Going back to the Combination Acts, they, passed in 1799 and 1800, largely a response to the events of the French Revolution, and also due to fear of a strike being called in wartime, banned the formation of trade unions and bargaining by British workers.  They were repealed in 1824, but the Tolpuddle Martyrs were deported in 1833 on the excuse of the Unlawful Oaths Act of 1797 – which aimed to stop mutinies in the Navy.  Again … keep the working classes in their place 😦 .

And stop them from enjoying themselves!  In 1787, the “Proclamation for the Discouragement of Vice” was issued.  Great name, that, isn’t it?  Even Oliver Cromwell never came up with that one.   This was another of Wilberforce’s great ideas, incidentally.  The man should really have stuck to Abolitionism!  The “Proclamation for the Encouragement of Piety and Virtue, and for the Preventing and Punishing of Vice, Profaneness and Immorality”, to give it its full name.  No enjoying yourself on a Sunday, even though it’s the only time you’ve got off work.  No swearing.  No excessive boozing.  No dirty books – and that might sound amusing, but the Powers That Were’s ideas on suppressing dirty books included wanting to prevent the lower classes from reading anything about contraception, which wasn’t very funny at all.  Nobody took much notice.  So the Society for the Suppression of Vice was founded (in London) in 1802.  Nobody took much notice of that either.

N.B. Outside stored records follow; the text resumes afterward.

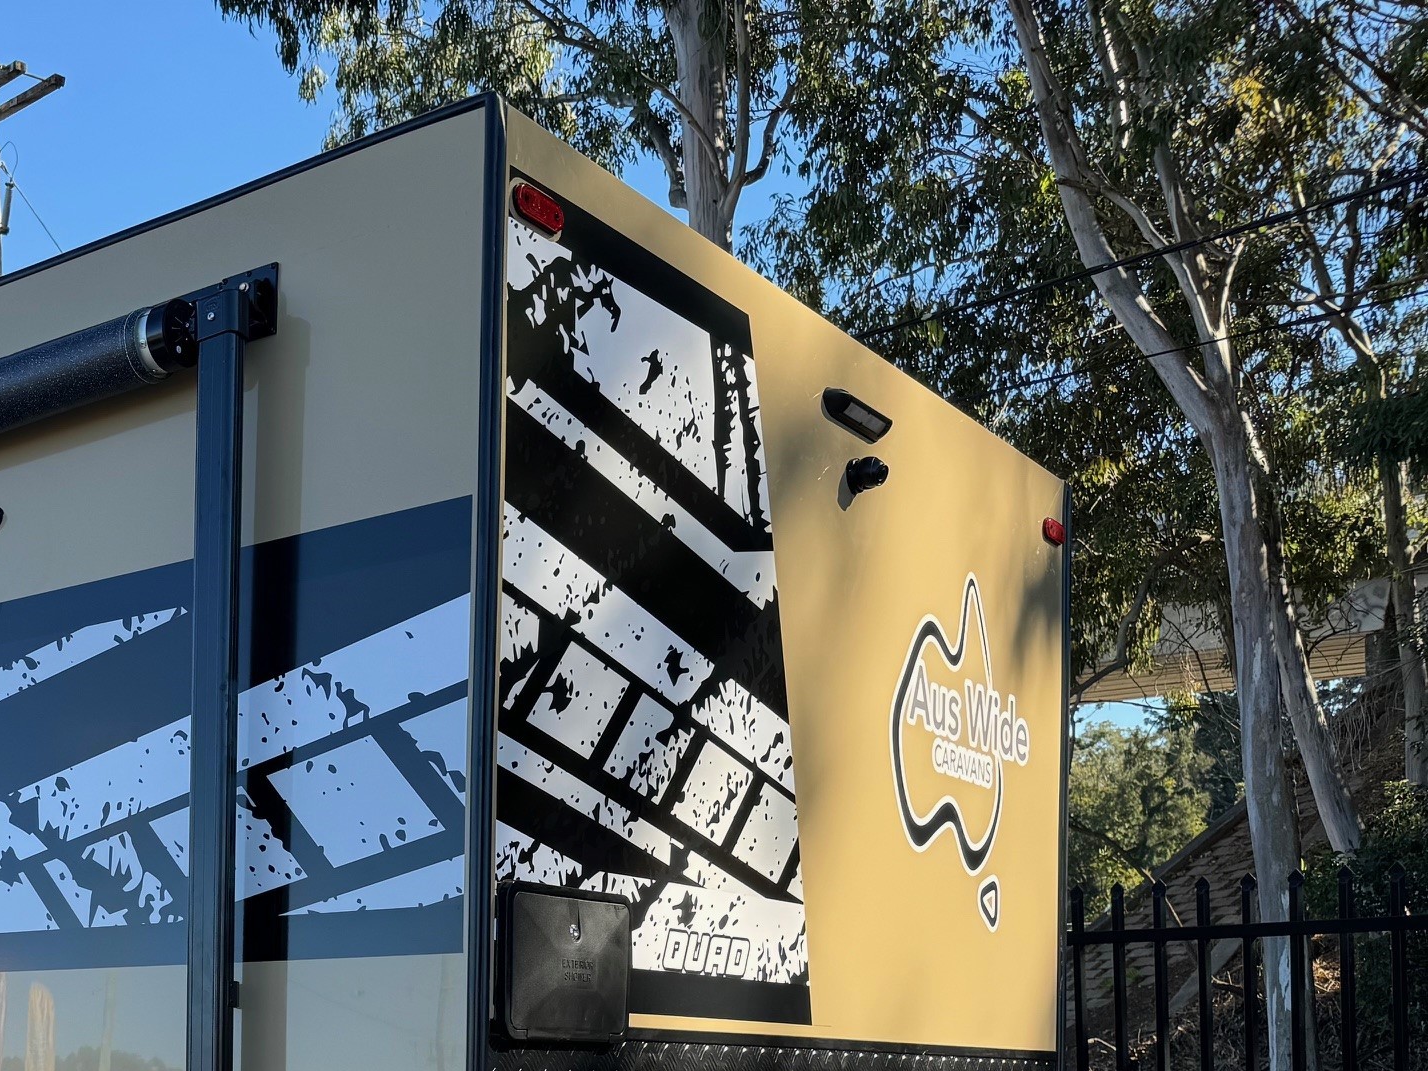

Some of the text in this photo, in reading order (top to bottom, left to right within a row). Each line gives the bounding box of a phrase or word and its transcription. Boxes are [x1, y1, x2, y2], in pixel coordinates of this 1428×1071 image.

[909, 662, 1028, 764] Aus Wide
[933, 741, 992, 786] CARAVANS
[662, 928, 750, 977] QUAD
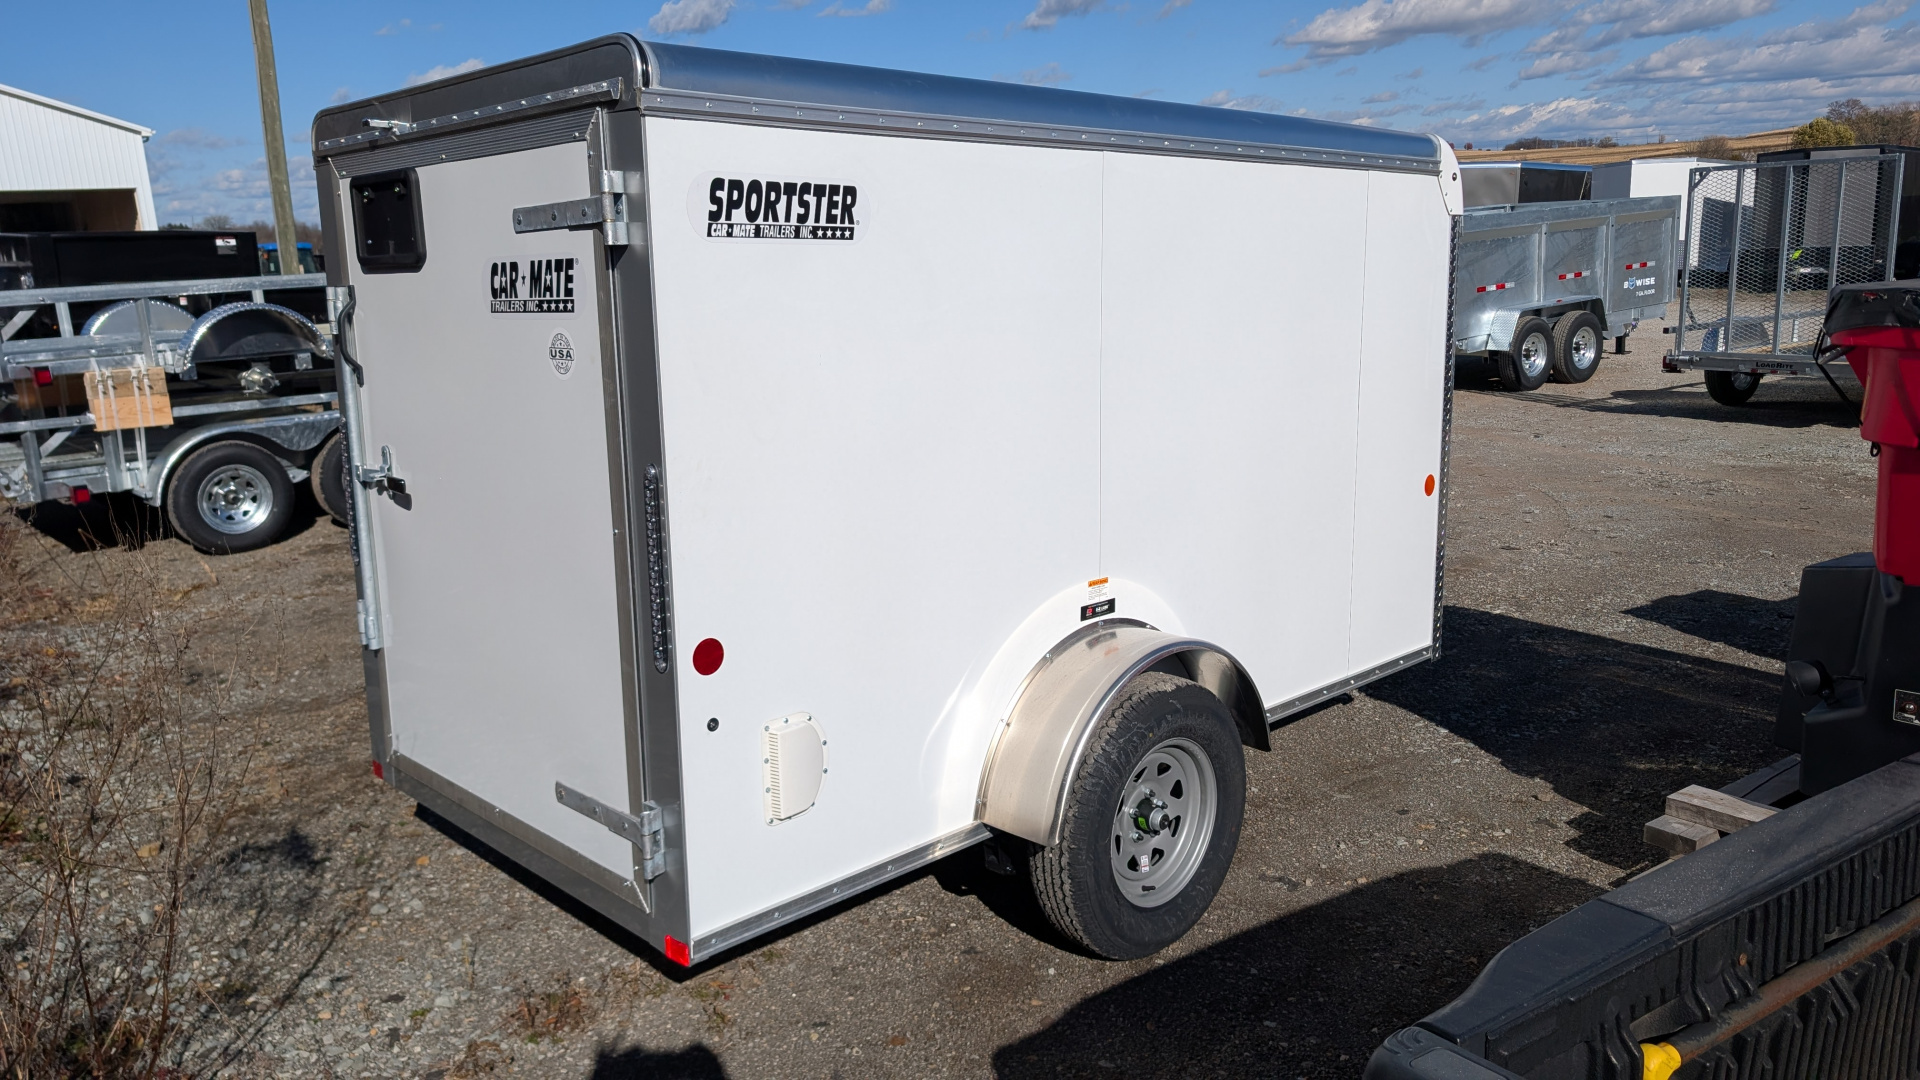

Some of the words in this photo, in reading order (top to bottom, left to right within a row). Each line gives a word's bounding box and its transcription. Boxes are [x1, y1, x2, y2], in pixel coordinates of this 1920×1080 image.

[708, 177, 858, 225] SPORTSTER
[759, 225, 796, 239] TRAILERS
[491, 300, 525, 312] TRAILERS
[550, 349, 573, 360] USA
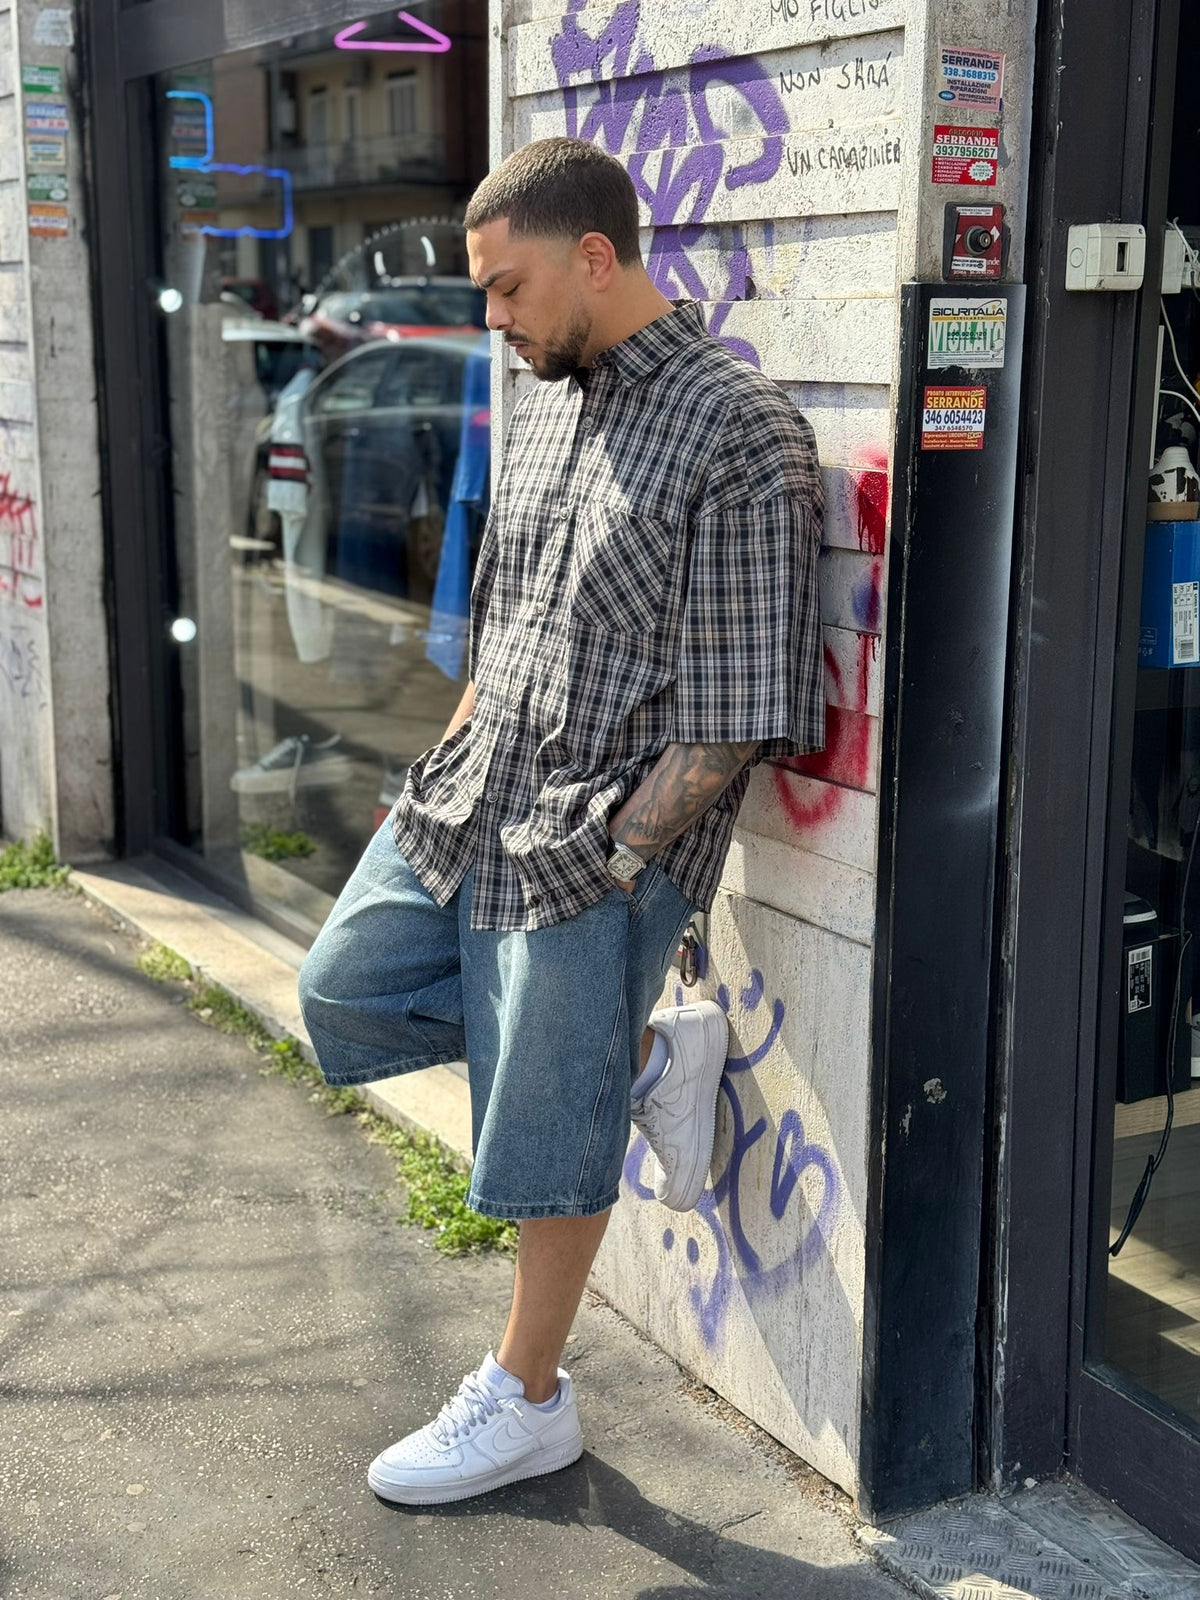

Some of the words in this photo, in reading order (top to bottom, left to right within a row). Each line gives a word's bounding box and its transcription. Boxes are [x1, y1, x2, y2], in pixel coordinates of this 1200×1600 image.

[941, 55, 1000, 70] SERRANDE
[780, 67, 821, 94] NON
[943, 66, 996, 81] 338.3688315
[947, 79, 991, 89] INSTALLAZIONI
[949, 85, 988, 94] RIPARAZIONI
[936, 134, 996, 146] SERRANDE
[935, 145, 996, 158] 3937956267
[787, 147, 811, 176] UN
[931, 321, 1005, 351] VIGILATO
[926, 397, 984, 408] SERRANDE
[924, 410, 942, 424] 346
[944, 410, 983, 424] 6054423
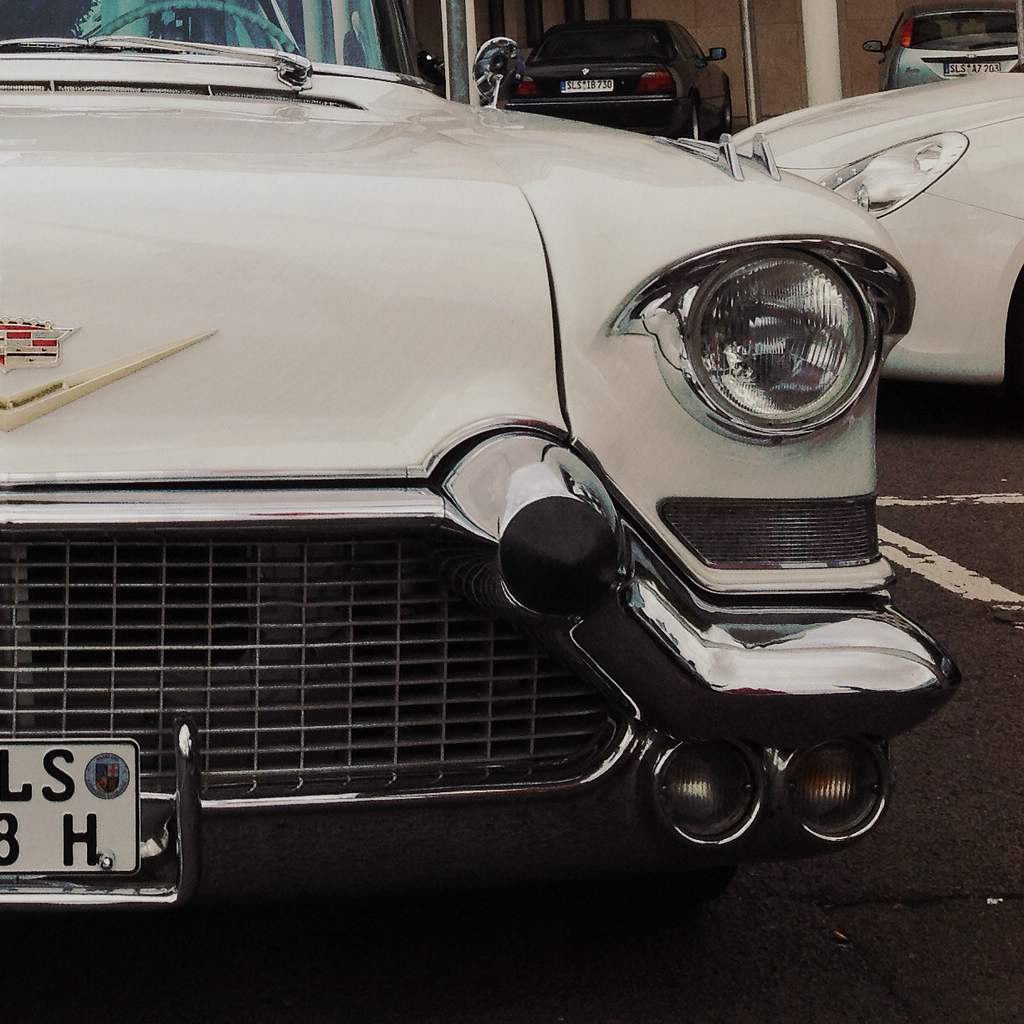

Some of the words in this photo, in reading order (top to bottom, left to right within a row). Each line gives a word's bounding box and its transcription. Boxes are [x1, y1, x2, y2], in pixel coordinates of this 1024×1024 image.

[950, 64, 966, 73] SLS
[567, 80, 583, 90] SLS
[63, 813, 97, 866] H

We’re actually getting the other, better, side of the piety/Sabbatarian thing in Poldark, and that’s the growth of Methodism.  Obviously Cornwall is somewhere particularly associated with that, and it’s even been suggested that Sam and Drake Carne, Demelza’s brothers, were partly based on John and Charles Wesley.  They do come across really well, never too preachy, never patronising, never trying to force anyone into anything.  There was still significant discrimination against Nonconformists at this time, and even more so against Catholics, and, because the oaths required to be taken on assuming public office were specifically Christian, against Jews; and it would be well into the 19th century before there was religious equality in the UK.  It could be argued that there still isn’t, given that some forms of religious marriage are not legally binding and couples being married under those rites have to have a civil ceremony as well.  The big Catholic Emancipation Act of 1829 was still thirty years away at this point – and under twenty years had passed since the Gordon Riots of 1780, when there were major protests in London against plans for Catholic emancipation.  George Warleggan had it in for the Carnes mainly because they were Ross’s brothers-in-law, but I don’t think the fact that they were Methodists helped either.

Compared to most Continental countries, Britain in the 1790s was a model of liberty, equality and fraternity.  And even newly independent America only really offered life, liberty and the pursuit of happiness to well-to-do white men.  But there was a hell (just had to put that in to cock a snook at the Discouragement of Vice brigade) of a long way to go in terms of social and political change.

Ross Poldark (yes, I do know that he wasn’t actually real) was one of the good guys.  And/but he could only work within the system he was in.  The storyline about his election to Parliament, and his work there, is fascinating.  Yes, we all enjoy the shirtless stuff, and the romantic stuff, but there’s a lot of very important history in there as well.  Please, please don’t let this be the last series!   Let it run and run!